Blanchard goes on to admit that others believe his optimism is “delusional”, citing in particular his MIT mentor Robert Solow. Within a couple of years, the delusional interpretation gathered a lot of steam. Most damning, stabilization policymakers were trashing the state of macro as useless, which is a far cry from good. Jean-Claude Trichet was Governor of the European Central Bank when he complained that mainstream macro models failed to provide stabilization authorities useful guidance on how to understand and deal with the Great Recession. From Trichet (November 2010): “When the crisis came, the serious limitations of existing economic and financial models immediately became apparent. Macro models failed to predict the crisis and seemed incapable of explaining what was happening to the economy in a convincing manner. As a policymaker during the crisis, I found the available models of limited help. In fact, I would go further: in the face of the crisis, we felt abandoned by conventional tools.” The other crucial policymaker felt the same way. I experienced Ben Bernanke, during the design and execution of the Fed’s successful strategy to prevent the crisis from morphing into a 21st-century depression, disdainfully dismissing the relevance of mainstream macro theory.

Blanchard’s delusion is at least partly rooted in his habit of glossing over debilitating flaws in NK macro theory that existed in 2008 and continue unchanged today. A particularly fatal mainstream error is combining the admonition to microfound (rational behavior being a good thing) with the disastrous restriction that all rational exchange must occur in the marketplace. Blanchard seems unable to grasp that core problem. In modern economies, where a significant share of economic activity rationally occurs in highly specialized, bureaucratic firms, arbitrary market-centricity prevents microfounding meaningful wage rigidity (MWR), prevents the rational suppression of wage recontracting, prevents the rational existence of involuntary job loss, prevents evidence-sized same-direction causality from nominal-demand disturbances to employment and output, prevents chronic wage rents, and prevents the proper organization of stabilization policy-making around the management of total spending.

All of that prevention is bad, not good. And none of that prevention will be prevented by adding more financial-market detail to mainstream market-centric general-equilibrium modeling. To believe that greater regulation can prevent future financial crises and attendant dangerous instability goes well beyond academic naivety and does qualify as delusional.
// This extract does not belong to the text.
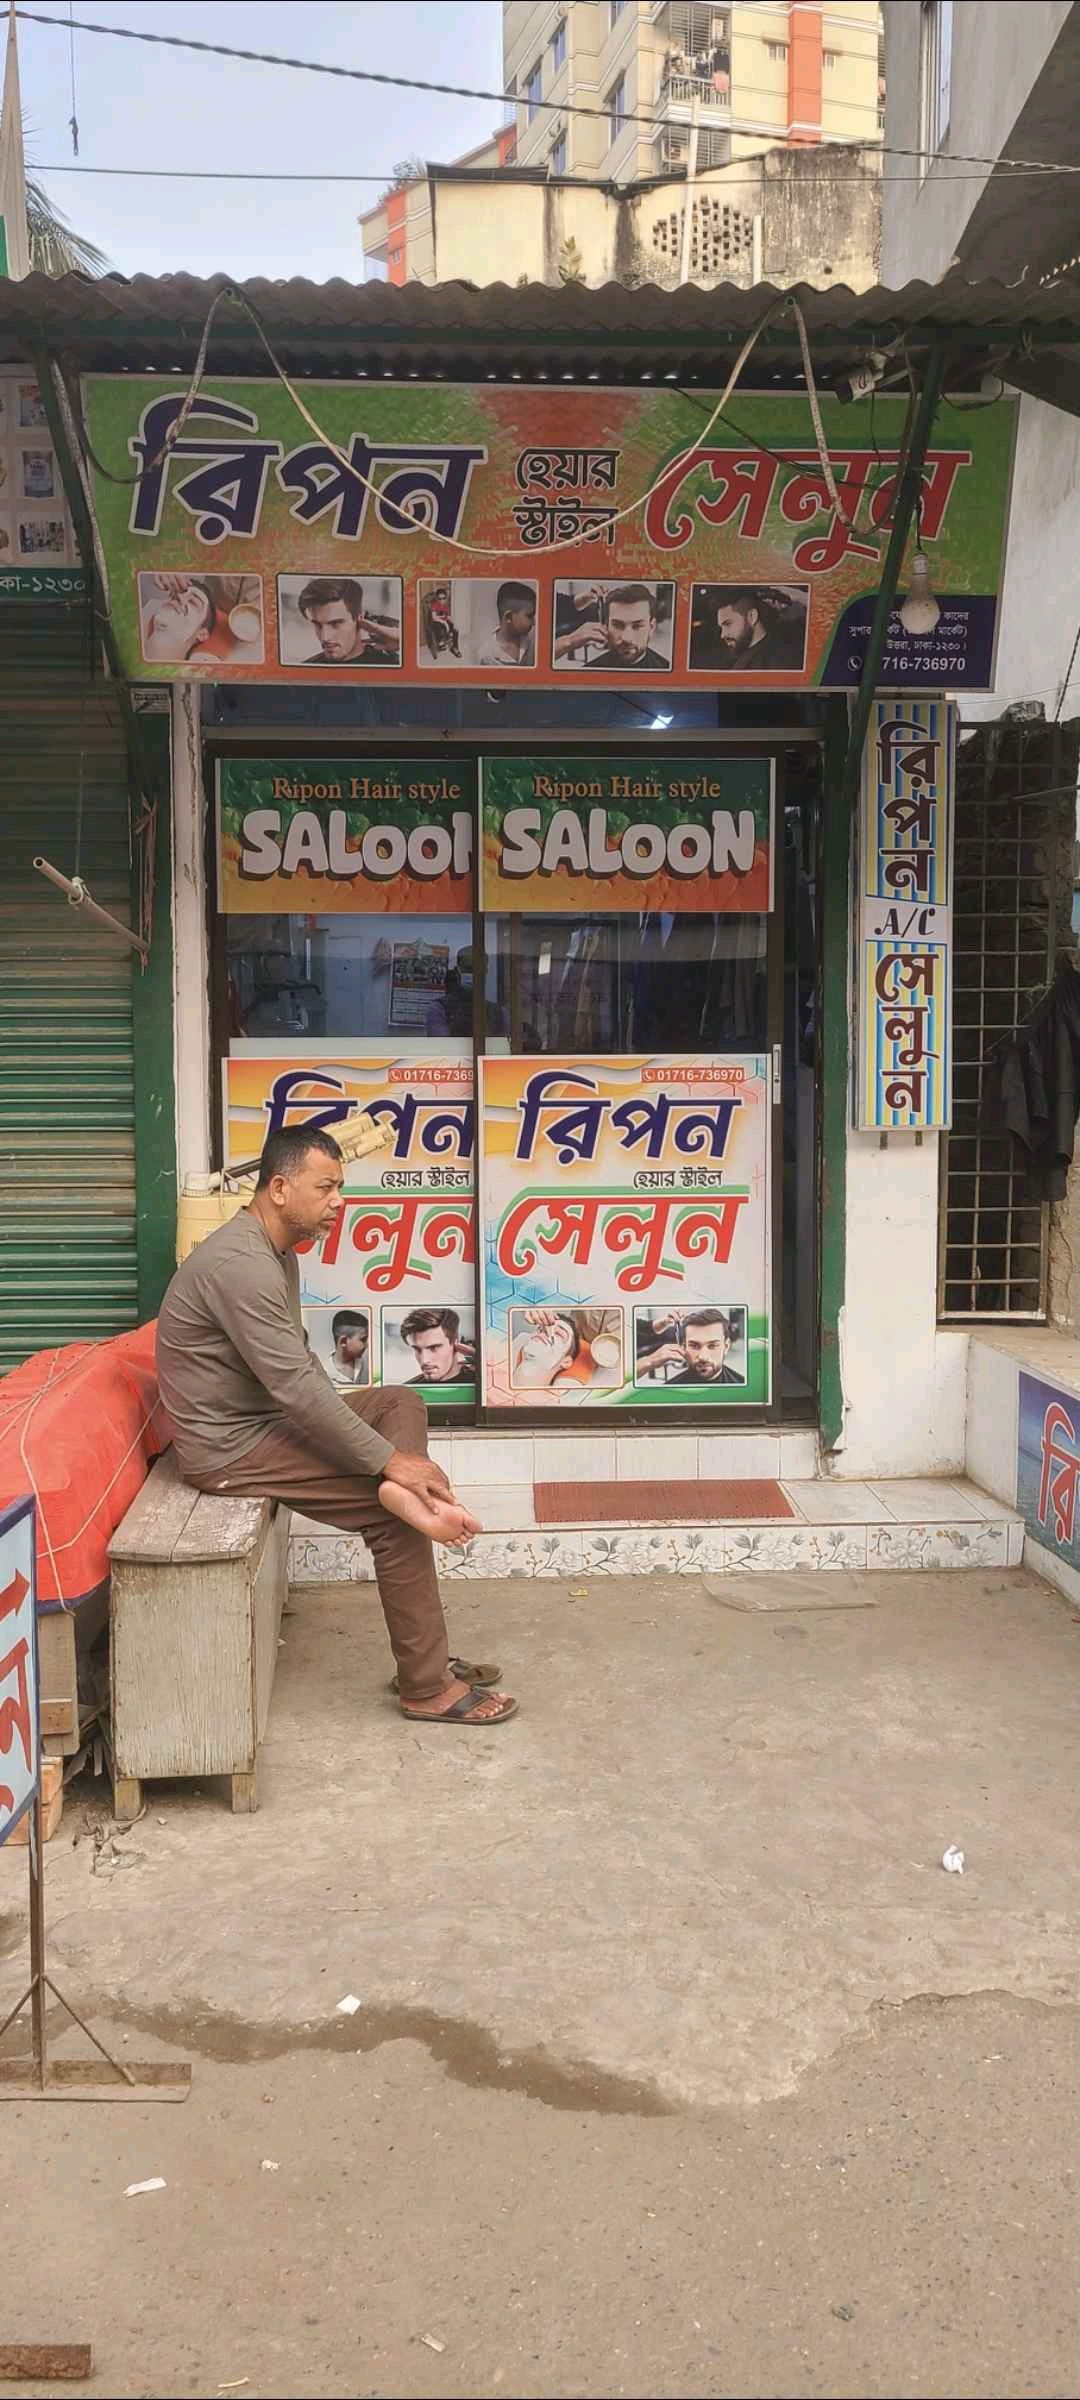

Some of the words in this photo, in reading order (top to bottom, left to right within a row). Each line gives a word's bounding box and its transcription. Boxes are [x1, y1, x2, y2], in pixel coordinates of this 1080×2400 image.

In contrast to Blanchard’s Panglossian dreams, the flaws of the NK model remain deadly.

The NK Argument

Blanchard’s what-me-worry story centers on the famous NK 3-equation model. “The model starts from the RBC model without capital, and, in its basic incarnation, adds only two imperfections. It introduces monopolistic competition in the goods market. The reason is clear: If the economy is going to have price setters, they better have some monopoly power. It then introduces discrete nominal price setting, using a formulation introduced by Calvo, and which turns out to be the most analytically convenient. Within this frame, the three equations take a specific form.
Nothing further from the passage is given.